Why shouldn't you be negative
Why we experience negative thoughts & feelings more intensely than positive ones
Bet it will start raining the minute I leave the salon with freshly styled hair? Bet the new mole on my arm is cancerous? Bet I'll oversleep and miss my flight? Bet my blind date is a serial killer? Or at least overly boring?
In situations with an uncertain outcome, many tend to have negative thoughts. You envision a future that is far from bright and you are practically certain that everything will go wrong. Why? Because they want to avoid disappointment.
In the world of psychology this phenomenon is called negativity bias, negativity bias, or negativity effect.
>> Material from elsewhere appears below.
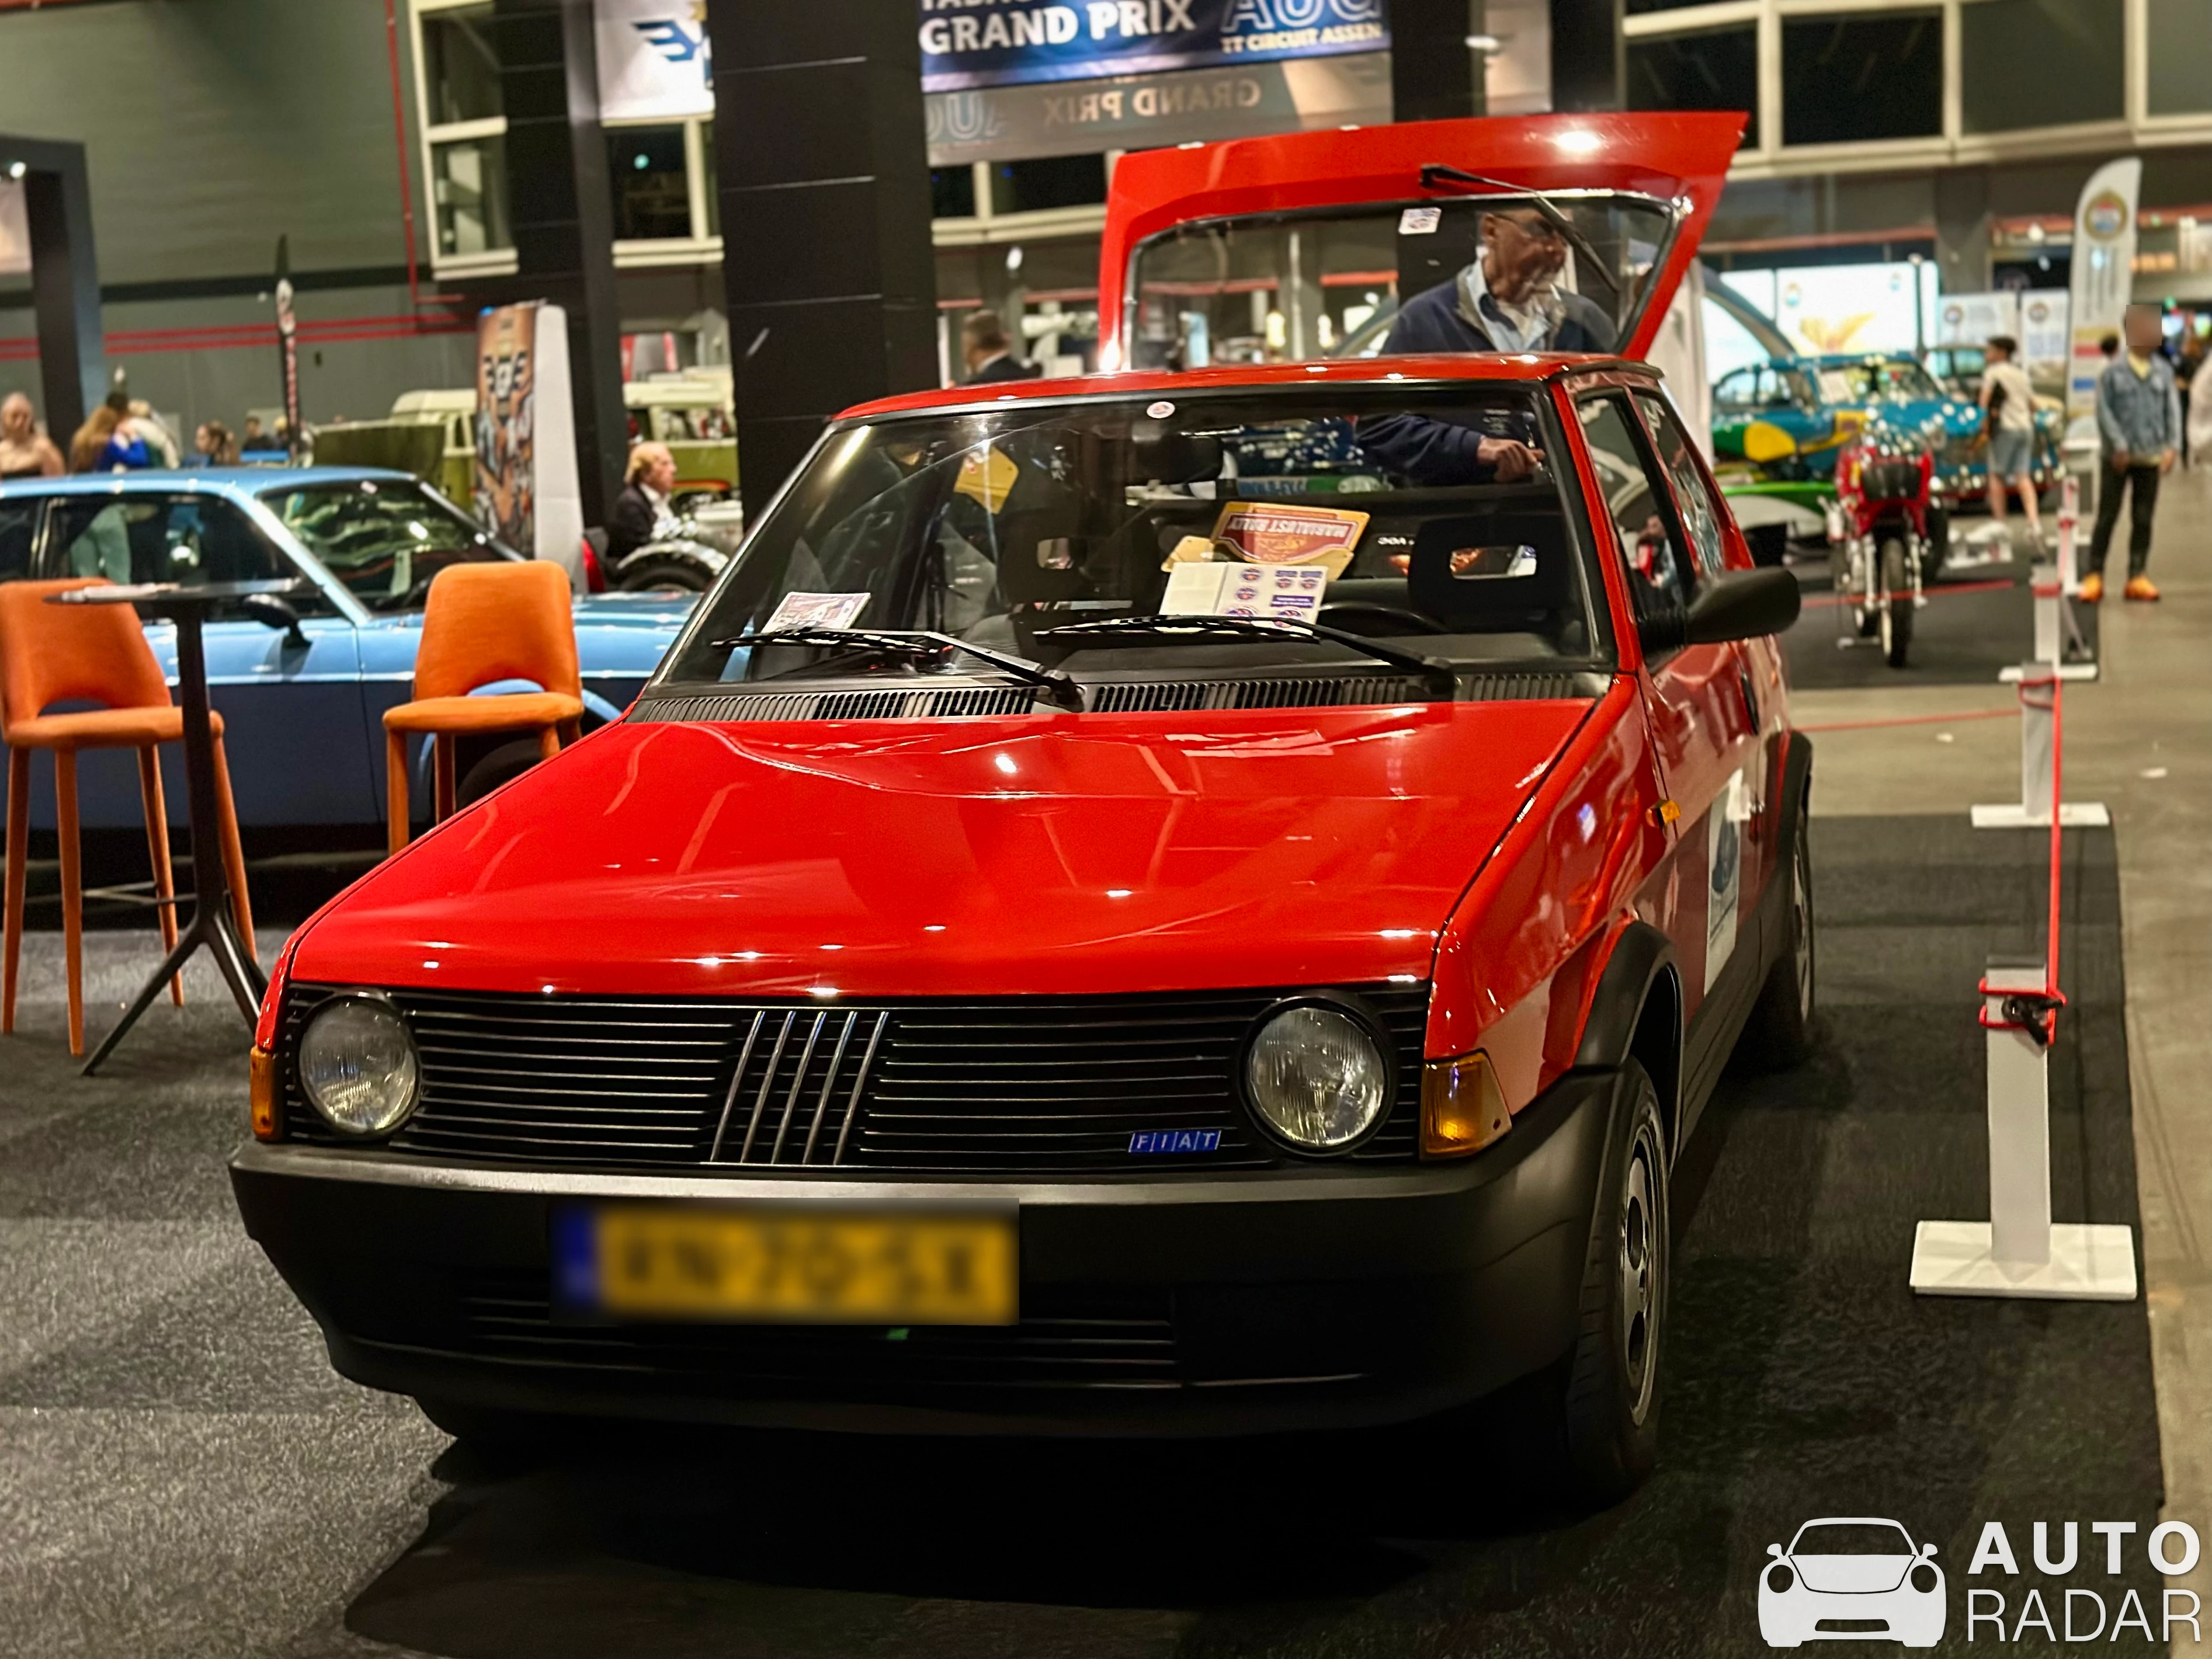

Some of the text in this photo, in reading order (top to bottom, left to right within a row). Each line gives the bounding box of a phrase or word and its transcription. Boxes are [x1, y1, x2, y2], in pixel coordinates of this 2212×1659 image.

[918, 6, 1079, 54] GRAND
[1087, 0, 1195, 40] PRIX
[1220, 22, 1383, 54] TT CIRCUIT ASSEN
[1136, 1132, 1216, 1150] FIAT
Put simply, it means that negative experiences, feelings or thoughts have a greater impact on us than neutral or positive ones - even if the latter are in fact just as intense. In other words: In many situations we perceive negative (or seemingly negative) things very quickly, strongly and sustainably, while positive things only to a limited extent. If any.
So we already know how the socio-psychological phenomenon is expressed, but what happens in the body? Dr. John Cacioppo and conducted research observing electrical activity in the brain. He showed subjects pictures of things that are commonly perceived as positive (like pizza), things that most people are neutral about (a hair dryer), and things that are usually considered negative (a dead cat). The result: the brain reacts more strongly to everything negative. And that in turn means that, for example, you are more likely to react more violently if the bus pulls away from you than if you find money on the street.
Pessimism and depression
Dr. Scott Woodruff, a psychologist and director of the anxiety and obsessive-compulsive disorder treatment program at the American Institute for Cognitive Therapy, adds that negative thoughts could also be linked to rising rates of depression. However, it is important to understand that pessimism does not mean depression! It becomes problematic when a negative attitude prevents you from doing things that you actually like to do.
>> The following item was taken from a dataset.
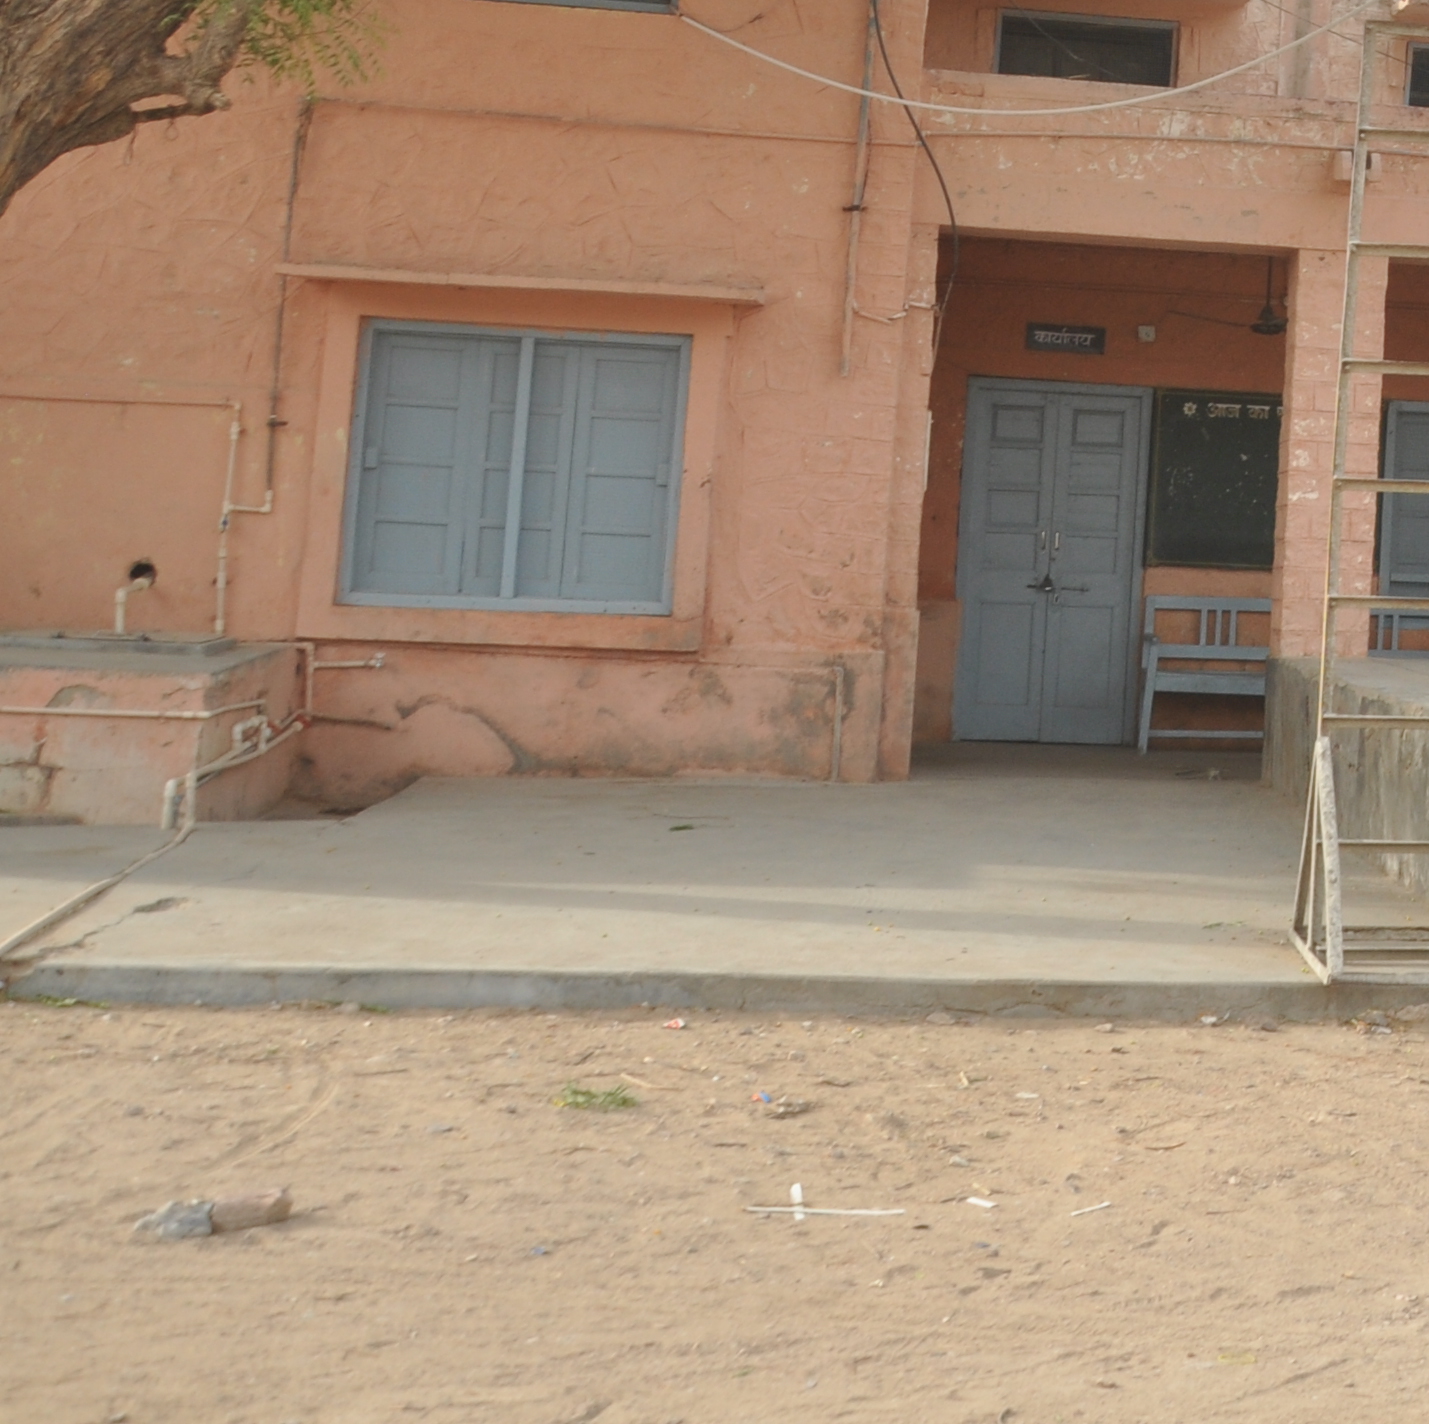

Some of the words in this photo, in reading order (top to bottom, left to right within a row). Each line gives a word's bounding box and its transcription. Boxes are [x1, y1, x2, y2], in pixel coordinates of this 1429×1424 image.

[1034, 327, 1096, 346] कार्यालय
[1206, 402, 1242, 418] आज
[1247, 404, 1271, 419] का
Depressed people tend to cut themselves off from the outside world and not be as active anymore. Sometimes these symptoms can also be associated with negativity. For example, if you expect to miss the plane anyway or if everything goes wrong during the trip, you are likely to travel less than others. Chances are you're not going to a birthday party if you reflexively imagine you are about to have a terrible evening and no one is talking to you. You probably won't ask your crush if you think you have zero chances with him or her.
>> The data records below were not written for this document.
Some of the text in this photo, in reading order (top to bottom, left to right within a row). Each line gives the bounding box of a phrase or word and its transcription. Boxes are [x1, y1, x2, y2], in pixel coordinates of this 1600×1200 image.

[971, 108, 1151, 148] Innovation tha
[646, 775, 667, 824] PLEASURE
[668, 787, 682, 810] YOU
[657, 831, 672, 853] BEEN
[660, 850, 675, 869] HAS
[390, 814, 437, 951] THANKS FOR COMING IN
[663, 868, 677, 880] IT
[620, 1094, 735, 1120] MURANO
Woodruff says if you always assume the worst, you might decide at some point not to take the risk and stay home right away. “We try to prevent possible disappointments or possible regrets. We think: if we do nothing, nothing can go wrong - we cannot fail and we cannot do anything that we later regret. We organize our lives in such a way that we avoid losses. "
But these tactics and your negative attitude can slow you down, hold you back. “You may think it would be good to keep an eye on the negative things and prepare yourself mentally for the worst-case scenario. But that is a fallacy. The minor advantages that this behavior can bring with it are clearly exceeded by the major disadvantages. ”And by that he means not only missed opportunities - both professionally and privately - but also the fact that you are missing out on positive reinforcement.
What you can do about recurring negative thoughts
Do the situations and thoughts described sound familiar to you? Then, according to Woodruff, there are a few things you can do to get rid of your black-and-white attitude. First: exposure. Expose yourself to the things that you are trying to protect yourself from. If you realize that the only reason you haven't started golfing is because you think you might be bad at it, try anyway. Go on the blind date even if you are nervous (please watch out for warning signs anyway). Ask about a raise if you think you deserve one. Accept the invitation to the birthday party, even if you only know the hosts and nobody else. Second, reverse your thoughts. Try to be more aware of everything positive (and neutral) in your life and thus draw attention away from the negative. For example, you can keep a diary and write down every night before bed what went well and what you are grateful for, what you were happy about or what went better than you thought. This will take you a maximum of five minutes, but it can have a very big effect on your well-being because you will eventually get a more optimistic basic attitude.
Exaggerated optimism is not a solution either
While both of these techniques can be very helpful, we must remember that the world is not black and white. The goal is not to be 100 percent optimistic every day from now on and not to allow any more negative thoughts. Finally, worries, fears, and concerns can simply be part of your intuition. Giving your ex another chance if they've been emotionally abusing you for years is probably really not a good idea. And you probably shouldn't eat the bread if it looks like the pond in your parents' garden.
The glass is not always half full and oneto An optimistic attitude is just as bad for your mental health as one that is too negative at times. According to Woodruff, aexaggerated positive attitudes have negative consequences: “It can lead you to think that something is wrong with you when you do have a negative thought. Everyone has negative thoughts at times! It is perfectly normal. That's why I'm an advocate of realistic, unbiased thinking. "
Now you might be wondering how you should know when it is okay to have negative or just realistic thoughts instead of positive ones. To find out, for example, you can write down your expectations - before exposing yourself to a situation that goes wrongcouldsays Woodruff. After the event, the date or the conversation, you take your notes again and compare them with what really happened. Was it really as bad as you thought it would be? Did the disaster happen? This method can help you assess whether your expectations are skewed.